Highwoods Properties Inc (HIW) is not a strong buy at the moment for a beginner investor with a long-term strategy. The stock shows no significant positive catalysts, and its financial performance is weak, with declining revenue, net income, and EPS. Additionally, analysts have lowered price targets, and there is no strong trading signal from Intellectia Proprietary Trading Signals. While the stock may see minor short-term gains, it lacks the fundamental strength and positive momentum needed for a confident long-term investment.
The technical indicators are mixed. The MACD is positive and expanding, suggesting slight bullish momentum. However, the RSI is neutral, and the moving averages are bearish (SMA_200 > SMA_20 > SMA_5), indicating a downward trend. The stock is trading near its pivot level of 22.919, with support at 22.204 and resistance at 23.633.
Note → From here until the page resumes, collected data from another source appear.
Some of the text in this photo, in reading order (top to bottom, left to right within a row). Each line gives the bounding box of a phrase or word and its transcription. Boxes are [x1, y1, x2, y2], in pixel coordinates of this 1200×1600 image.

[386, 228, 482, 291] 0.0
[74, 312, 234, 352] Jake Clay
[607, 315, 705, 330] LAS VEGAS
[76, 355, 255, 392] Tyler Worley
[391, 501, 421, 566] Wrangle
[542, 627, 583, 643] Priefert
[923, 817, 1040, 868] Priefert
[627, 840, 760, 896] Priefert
The stock has an 80% chance to gain 2.07% in the next day, 2.35% in the next week, and 4.77% in the next month. Gross margin increased by 2.99% YoY.
Analysts have consistently lowered price targets, citing concerns about real estate demand and structural vacancy issues. Financial performance has significantly deteriorated, with revenue, net income, and EPS all declining sharply. No recent news or congress trading data to support a positive sentiment.
In 2025/Q4, revenue dropped by -1.06% YoY to $203.36M, net income plummeted by -868.49% YoY to $28.66M, and EPS fell by -1000.00% YoY to 0.27. Gross margin increased slightly to 67.17%, up 2.99% YoY.
Analysts have a mixed to neutral stance. Baird, Mizuho, Citi, and Deutsche Bank have all lowered their price targets recently, citing concerns about real estate demand and structural vacancy issues. Deutsche Bank maintains a Buy rating but with a reduced price target of $27.